# Work to complete
Return every entry exactly as written, with the pictures removed.

Spatial localization data:

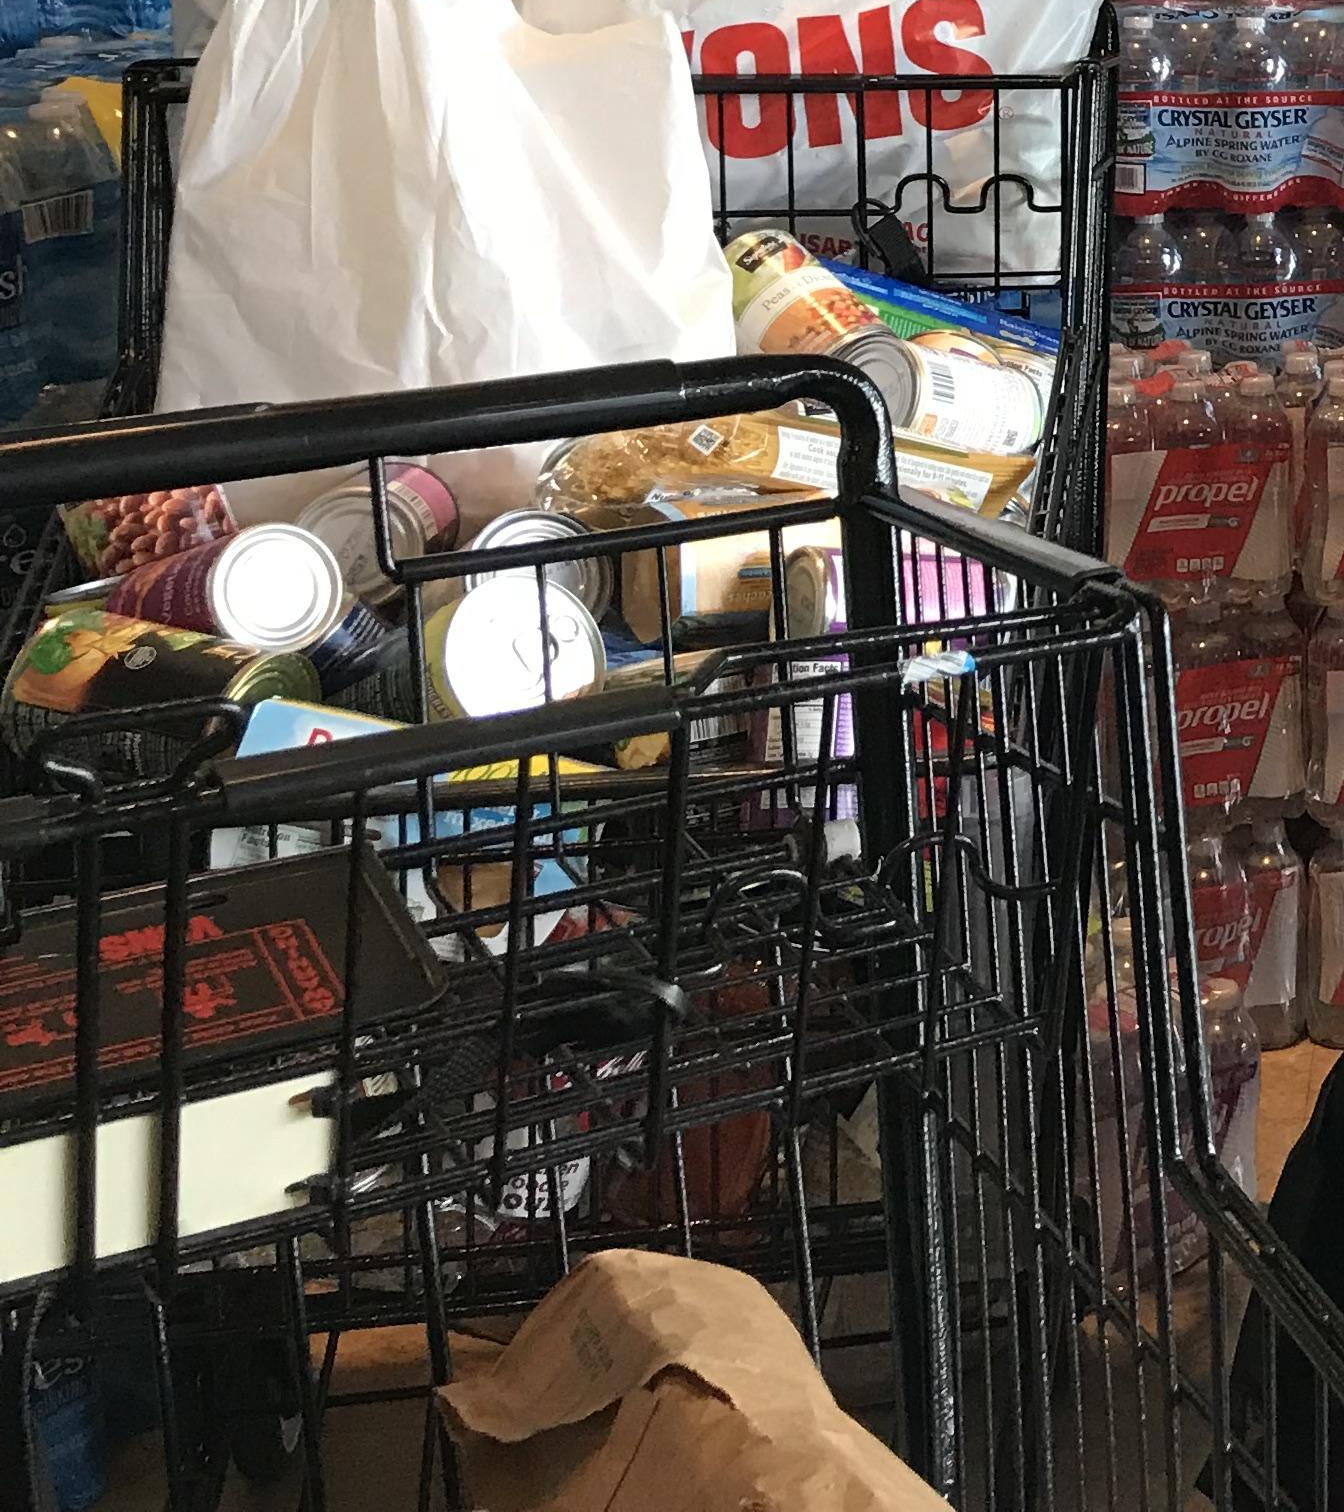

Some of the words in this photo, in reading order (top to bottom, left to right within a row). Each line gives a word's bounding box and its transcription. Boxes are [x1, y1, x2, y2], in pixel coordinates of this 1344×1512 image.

[1153, 94, 1210, 104] BOTTLED
[1234, 94, 1258, 104] THE
[1265, 94, 1314, 104] SOURCE
[1157, 108, 1232, 128] CRYSTAL
[1235, 107, 1307, 128] GEYSER
[1194, 128, 1273, 138] NATURAL
[1166, 135, 1211, 149] ALPINE
[1213, 137, 1258, 152] SPRING
[1260, 135, 1300, 151] WATER
[1195, 150, 1210, 159] BY
[1229, 152, 1273, 163] ROXANE
[761, 284, 791, 312] Peas
[1167, 299, 1240, 319] CRYSTAL
[1244, 297, 1317, 319] GEYSER
[1154, 476, 1260, 511] propel
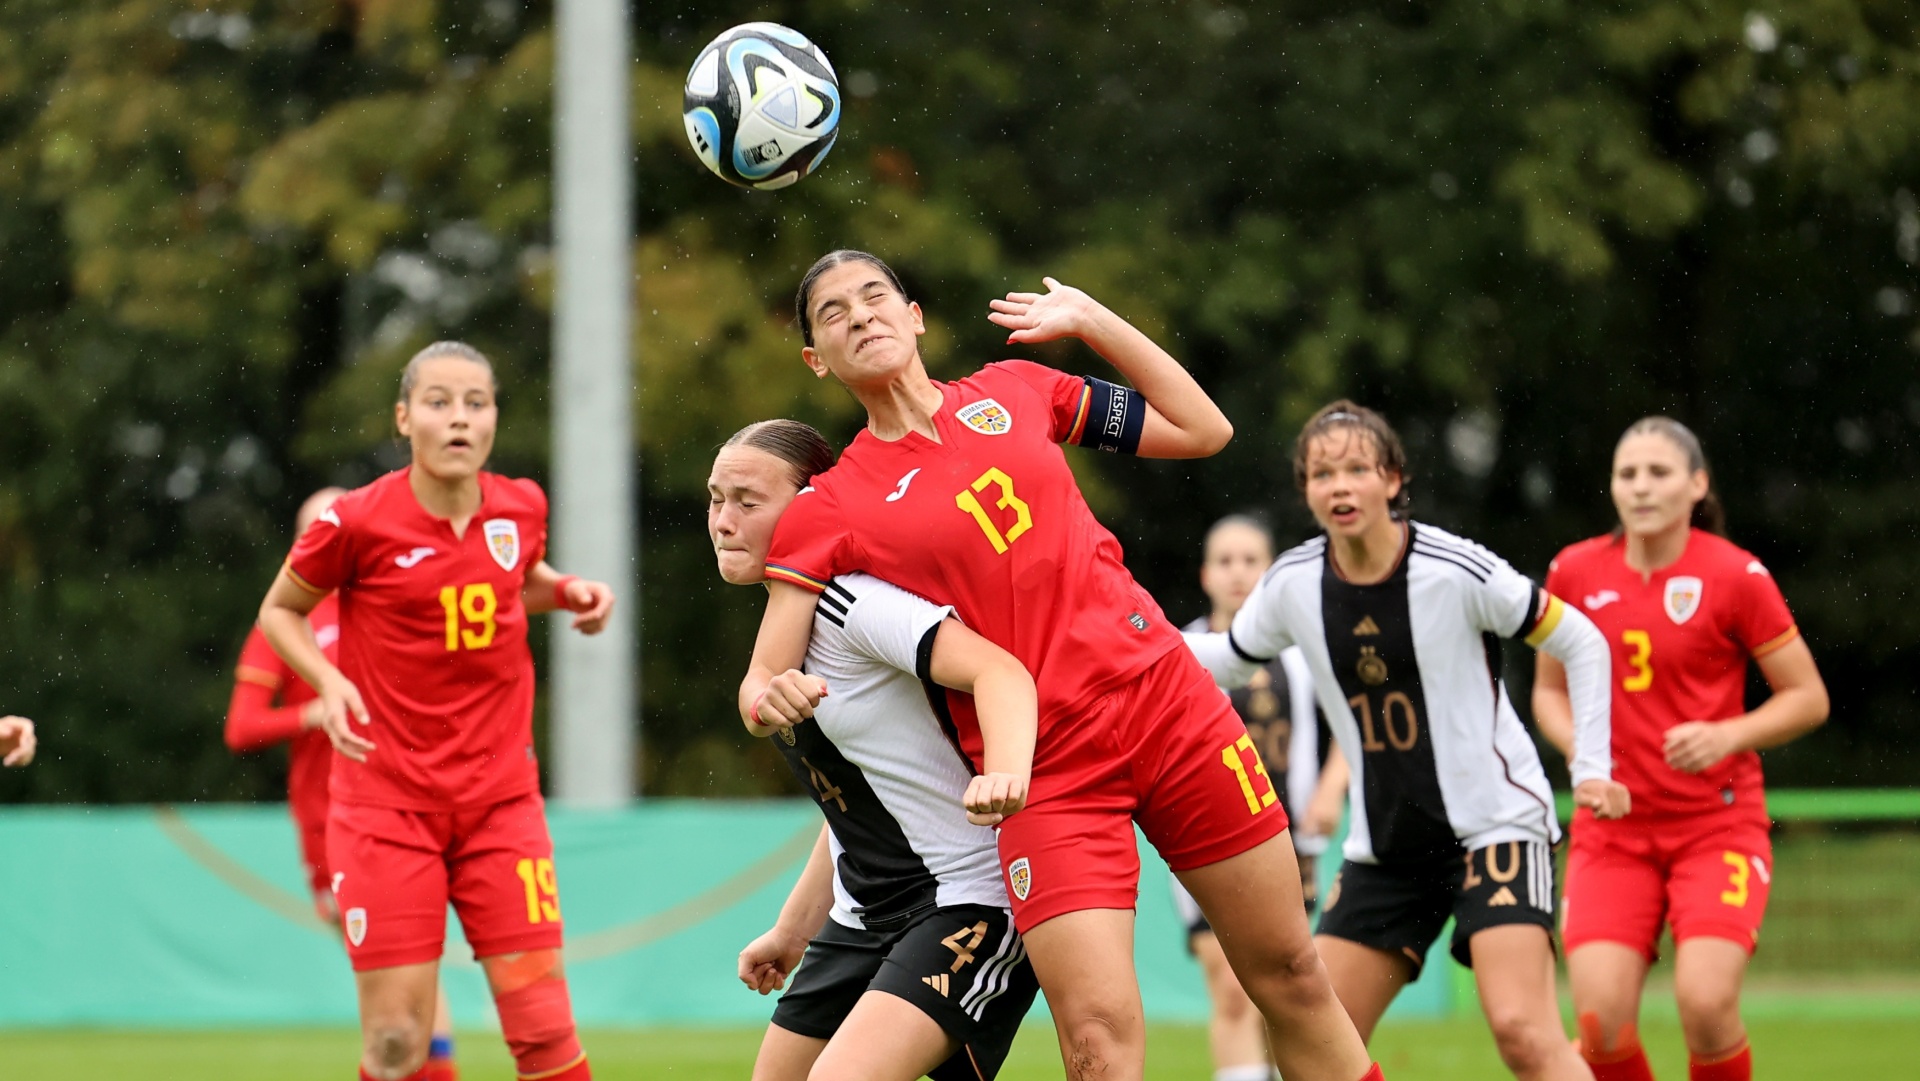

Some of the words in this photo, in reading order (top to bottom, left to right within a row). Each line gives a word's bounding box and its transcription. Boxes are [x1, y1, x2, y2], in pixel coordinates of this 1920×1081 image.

[1107, 389, 1125, 437] RESPECT
[955, 466, 1033, 555] 13
[438, 583, 498, 651] 19
[1622, 630, 1653, 692] 3
[1349, 691, 1419, 752] 10
[801, 756, 848, 812] 4
[1222, 733, 1277, 815] 13
[516, 858, 560, 924] 19
[1463, 840, 1520, 891] 10
[1720, 850, 1749, 907] 3
[940, 920, 989, 974] 4
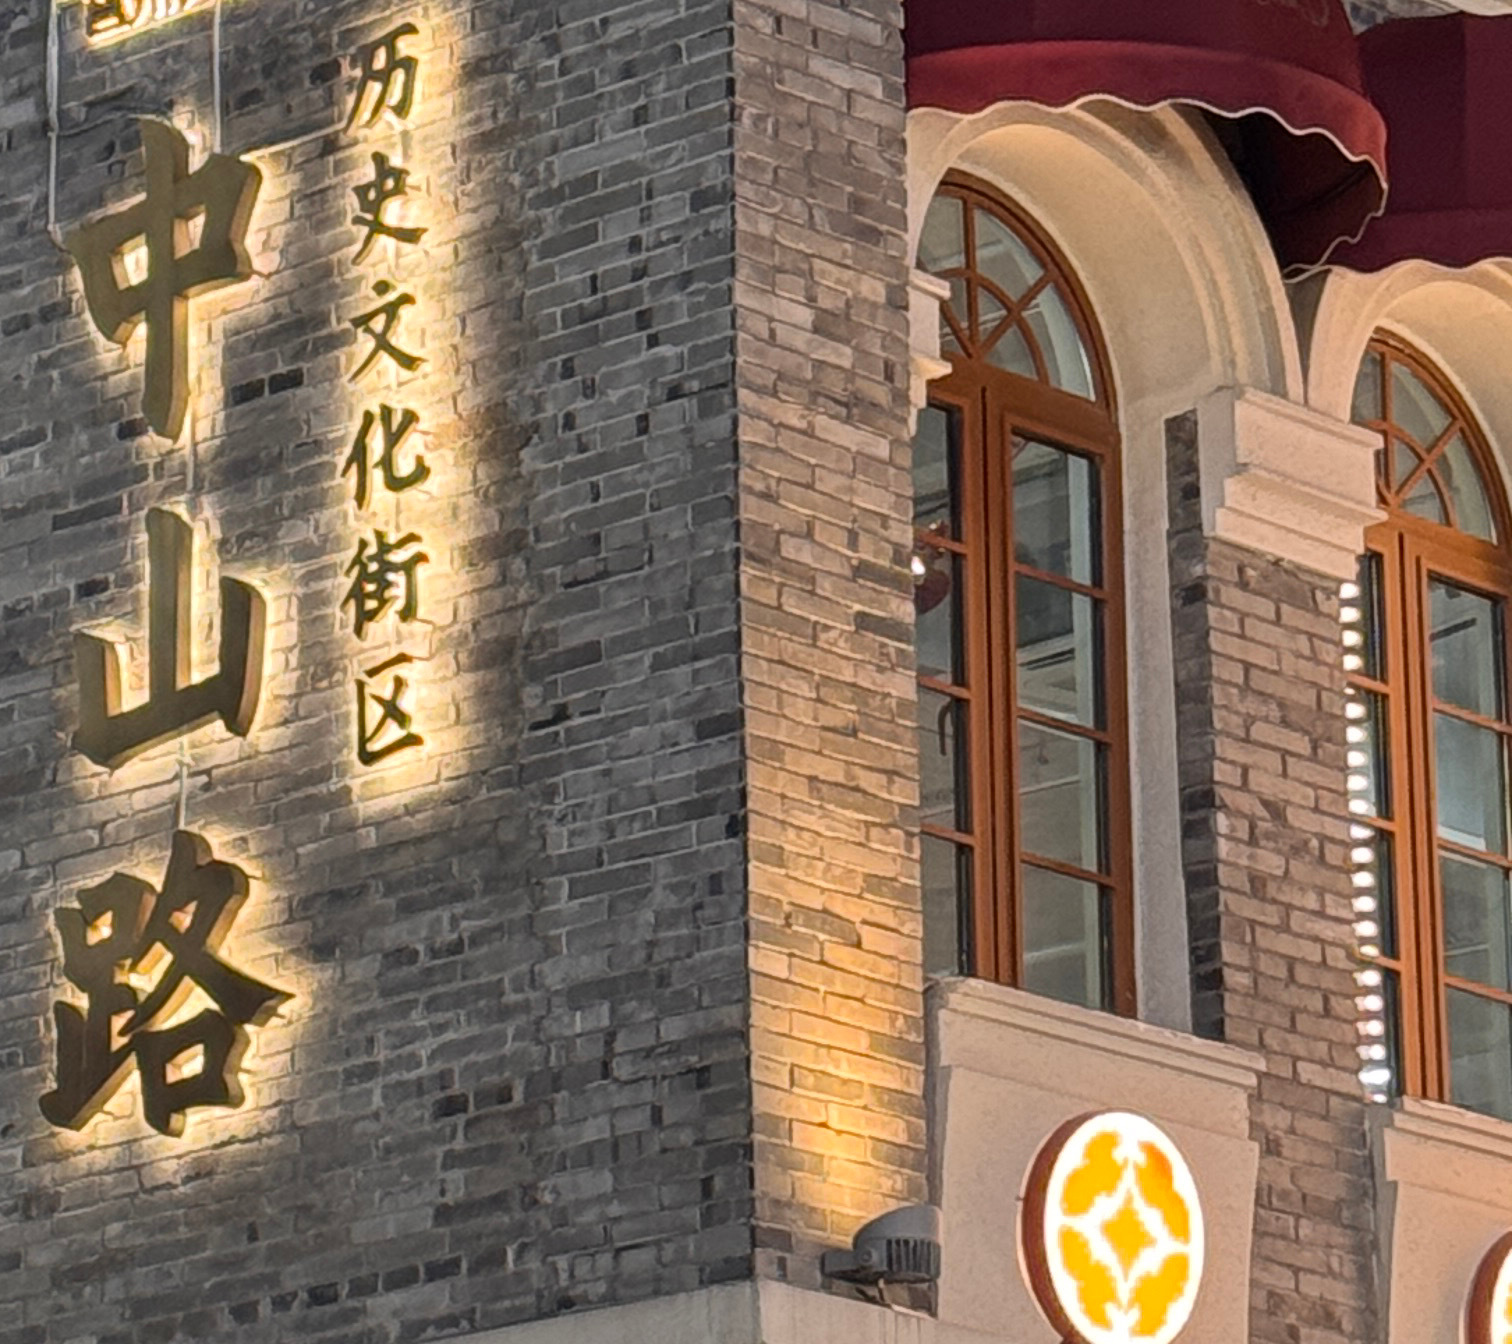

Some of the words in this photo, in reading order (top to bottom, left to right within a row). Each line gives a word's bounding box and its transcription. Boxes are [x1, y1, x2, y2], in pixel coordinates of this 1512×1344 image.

[39, 115, 295, 1138] 中山路
[340, 22, 431, 766] 历史文化街区

# Solution to the problem
Some of the words in this photo, in reading order (top to bottom, left to right within a row). Each line gives a word's bounding box and its transcription. Boxes are [x1, y1, x2, y2], in pixel coordinates of this 1344×1512 image.

[1153, 94, 1210, 104] BOTTLED
[1234, 94, 1258, 104] THE
[1265, 94, 1314, 104] SOURCE
[1157, 108, 1232, 128] CRYSTAL
[1235, 107, 1307, 128] GEYSER
[1194, 128, 1273, 138] NATURAL
[1166, 135, 1211, 149] ALPINE
[1213, 137, 1258, 152] SPRING
[1260, 135, 1300, 151] WATER
[1195, 150, 1210, 159] BY
[1229, 152, 1273, 163] ROXANE
[761, 284, 791, 312] Peas
[1167, 299, 1240, 319] CRYSTAL
[1244, 297, 1317, 319] GEYSER
[1154, 476, 1260, 511] propel

Some of the words in this photo, in reading order (top to bottom, left to right within a row). Each line gives a word's bounding box and its transcription. Boxes are [x1, y1, x2, y2], in pixel coordinates of this 1920×1081 image.

[1107, 389, 1125, 437] RESPECT
[955, 466, 1033, 555] 13
[438, 583, 498, 651] 19
[1622, 630, 1653, 692] 3
[1349, 691, 1419, 752] 10
[801, 756, 848, 812] 4
[1222, 733, 1277, 815] 13
[516, 858, 560, 924] 19
[1463, 840, 1520, 891] 10
[1720, 850, 1749, 907] 3
[940, 920, 989, 974] 4

Some of the words in this photo, in reading order (top to bottom, left to right within a row). Each line gives a word's bounding box and its transcription. Boxes are [x1, y1, x2, y2], in pixel coordinates of this 1512×1344 image.

[39, 115, 295, 1138] 中山路
[340, 22, 431, 766] 历史文化街区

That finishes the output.